The product can also be integrated into commercially scalable lithium-ion batteries and can be processed into high-value spherical graphite products.
Next steps towards production involve finding a partner or buyer of the project.
Recent decline in output
After rising in 2018 and 2019, global natural graphite production was adversely affected by COVID-19 related restrictions in 2020, as mines were placed either under care and maintenance or temporary suspension due to government implemented global lockdowns across many countries.
Output in China, the world’s largest producer, fell by around 5% last year compared to 2019 as authorities imposed severe restrictions to curb the spread of COVID-19, mainly during the first quarter of 2020 when several mines and plants were forced to temporarily cease production.

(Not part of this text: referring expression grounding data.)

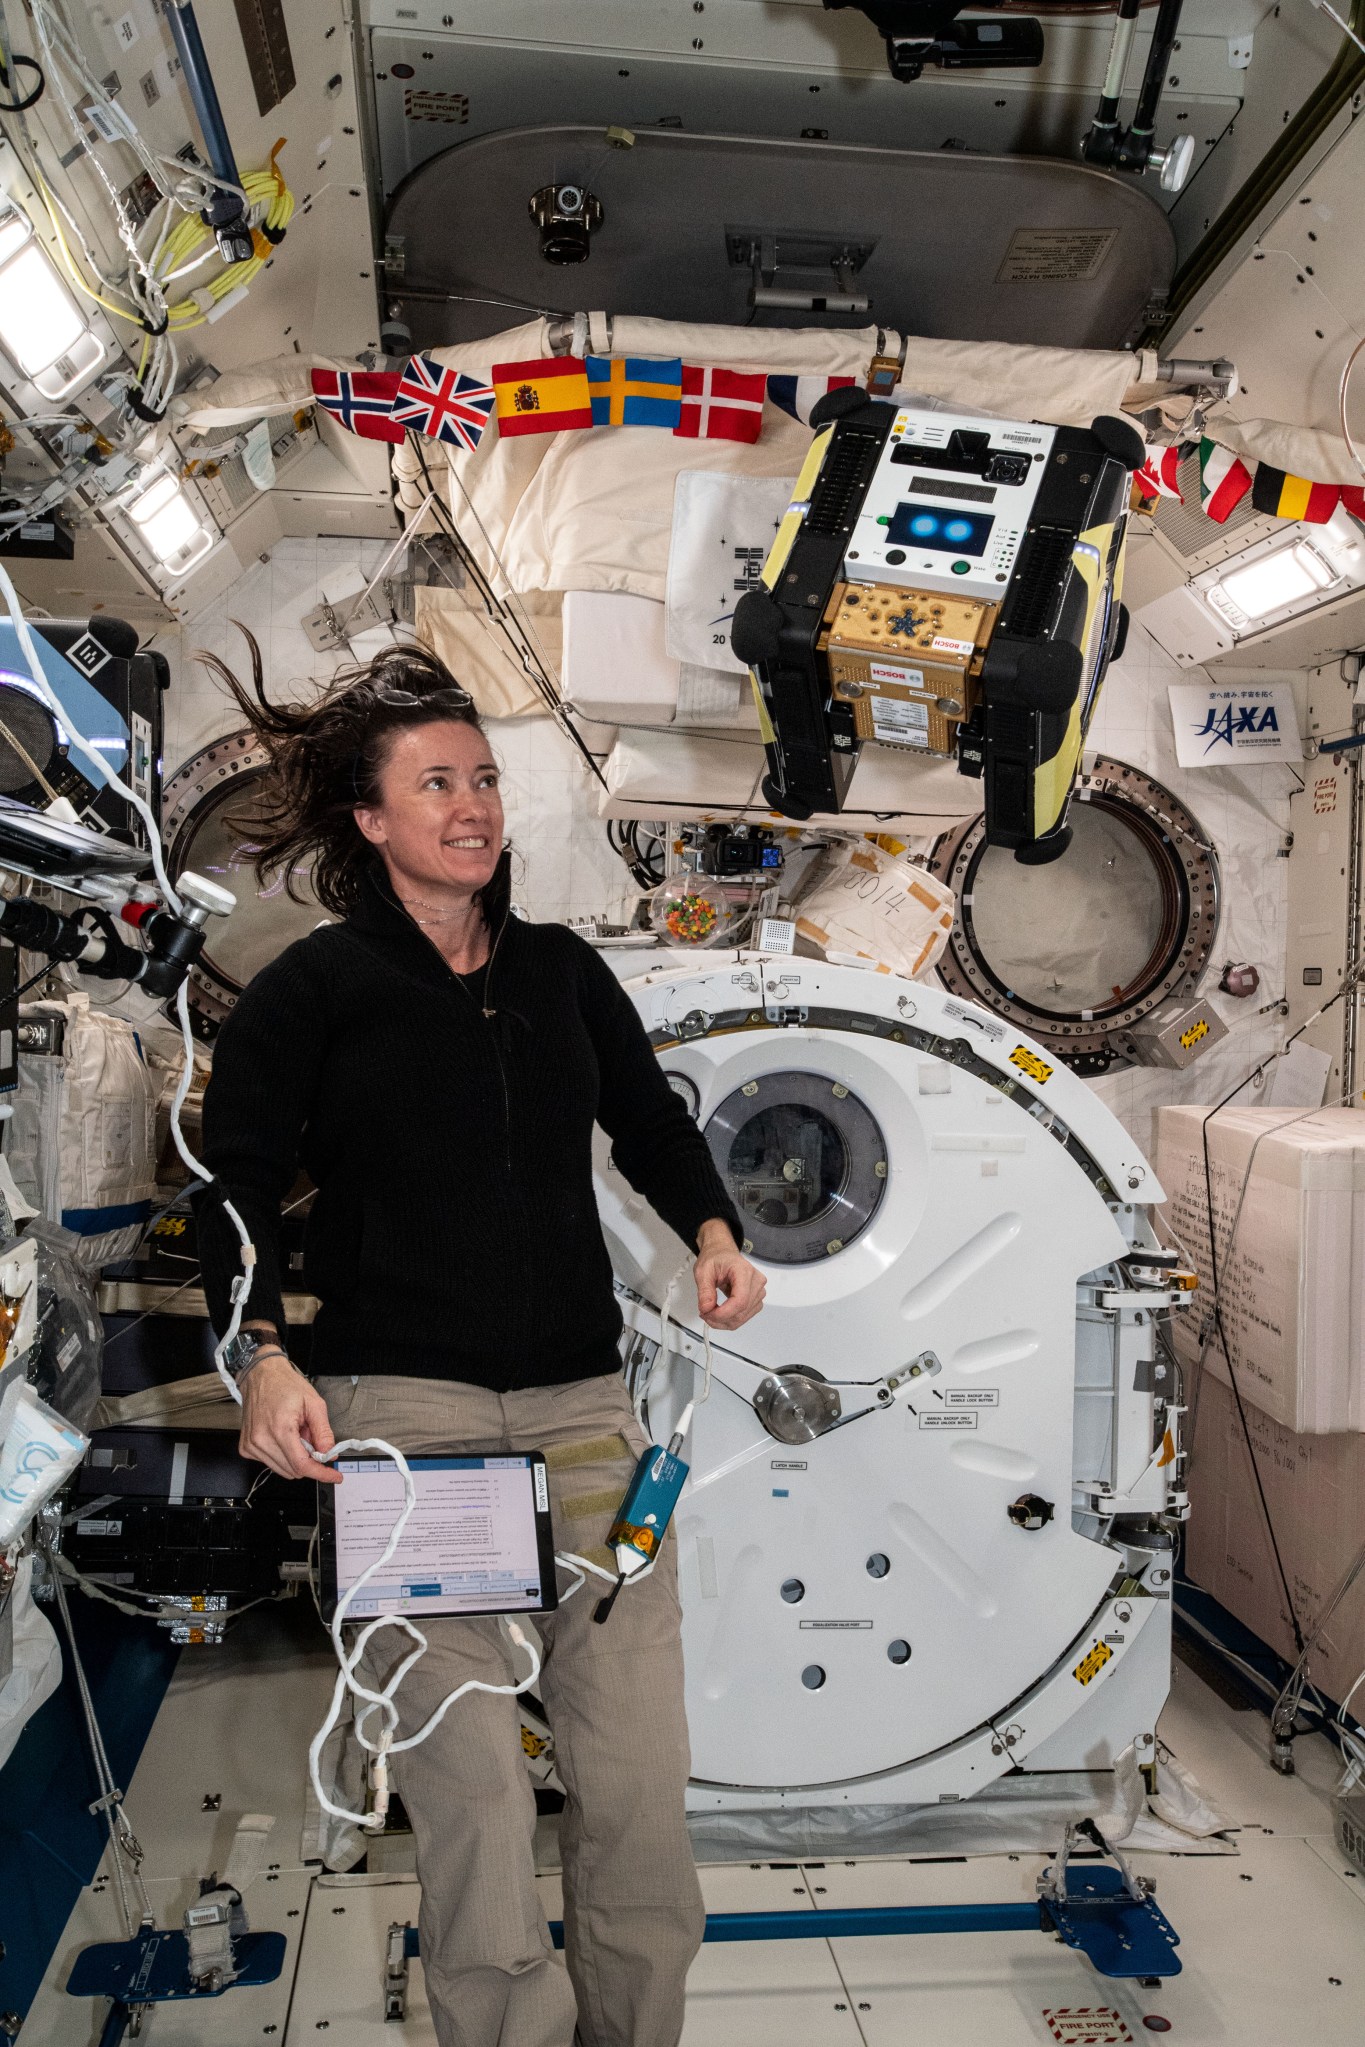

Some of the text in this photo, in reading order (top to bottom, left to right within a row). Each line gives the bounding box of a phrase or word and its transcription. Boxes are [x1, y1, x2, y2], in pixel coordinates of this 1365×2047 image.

[413, 102, 433, 110] FIRE
[712, 634, 726, 644] 20
[934, 639, 960, 650] BOSCH
[872, 668, 906, 681] BOSCH
[1192, 702, 1279, 749] JAXA
[1019, 1051, 1036, 1065] CAUTION
[537, 1466, 547, 1511] MEGAN MSL
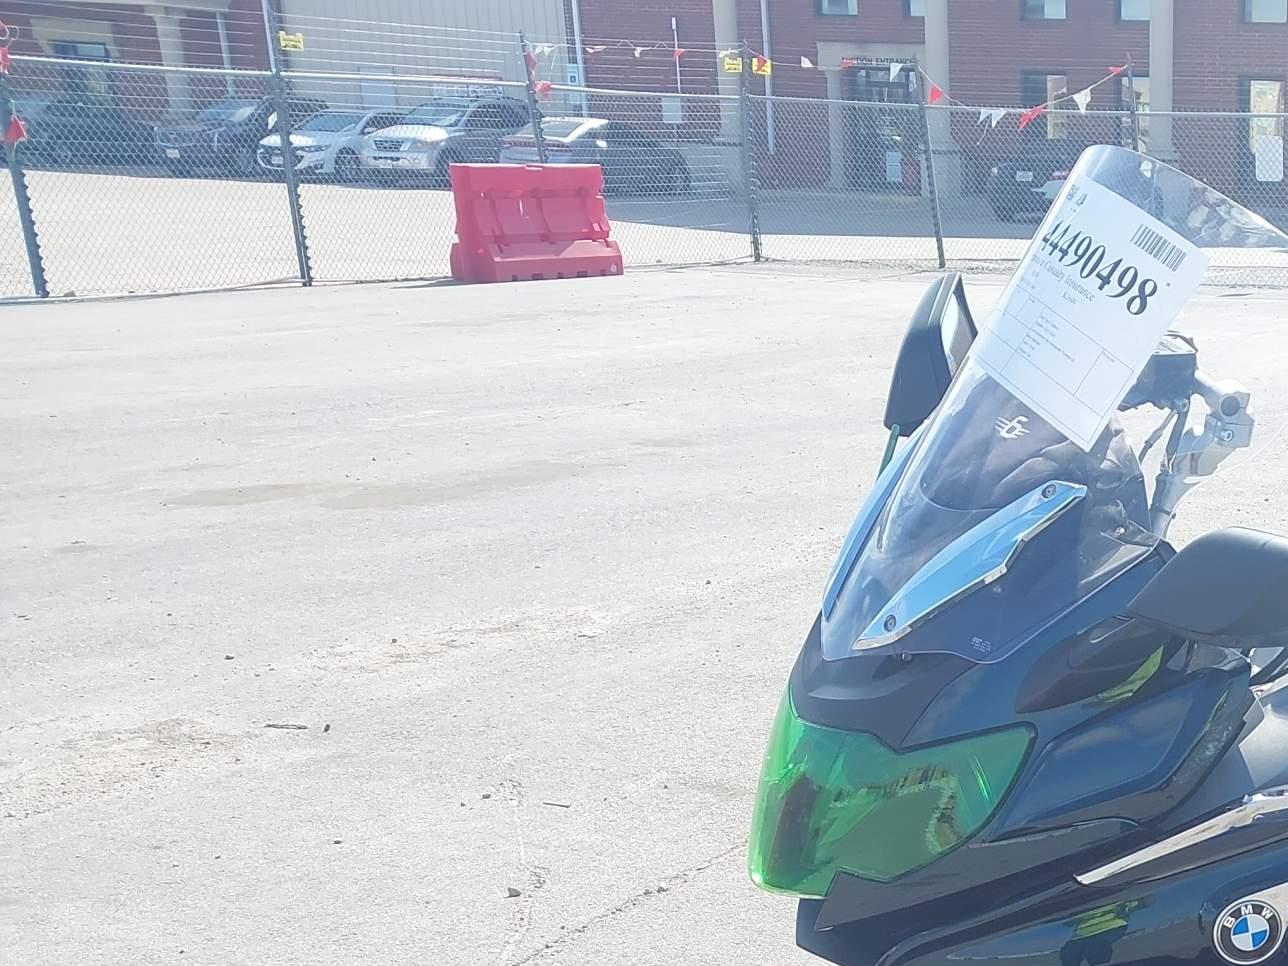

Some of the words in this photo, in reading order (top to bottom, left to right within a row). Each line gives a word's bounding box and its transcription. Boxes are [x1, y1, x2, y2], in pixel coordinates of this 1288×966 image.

[1041, 219, 1158, 315] 44490498
[1064, 273, 1096, 301] Insurance
[1223, 904, 1274, 929] BMW

GlobalData senior mining analyst Vinneth Bajaj said: “While it was the second-largest producer in 2019, Mozambique’s graphite output is expected to fall from 100,000 to 20,000 tonnes, placing the country sixth overall out of world production.
“The reduction is due to the Balama Graphite project, operated by Australia’s Syrah Resources, being suspended due to restrictions and lower EV demand, with no production at all since April 2020.
“The project is well-positioned to commence operations once the market conditions improve.”
GlobalData said that similarly, production from Brazil was expected to decline by 4.1% due to lockdowns and restrictions, which became prevalent during the second and third quarters of 2020.
Production to grow
Bajaj said: “Natural graphite production is expected to reach 1.2066 million tonnes by 2024 – a 5.6% CAGR.”
“This will be supported by growing demand from the electric vehicle battery segment, where graphite is a key component.
“These projects, together with the development of Syrah Resources’ Vidalia Battery Anode Material Project, which will make it the first vertically-integrated producer of natural graphite active anode material outside China, will assist in reducing China’s dominance in the sector and providing alternative sources for battery makers across the globe,” he added.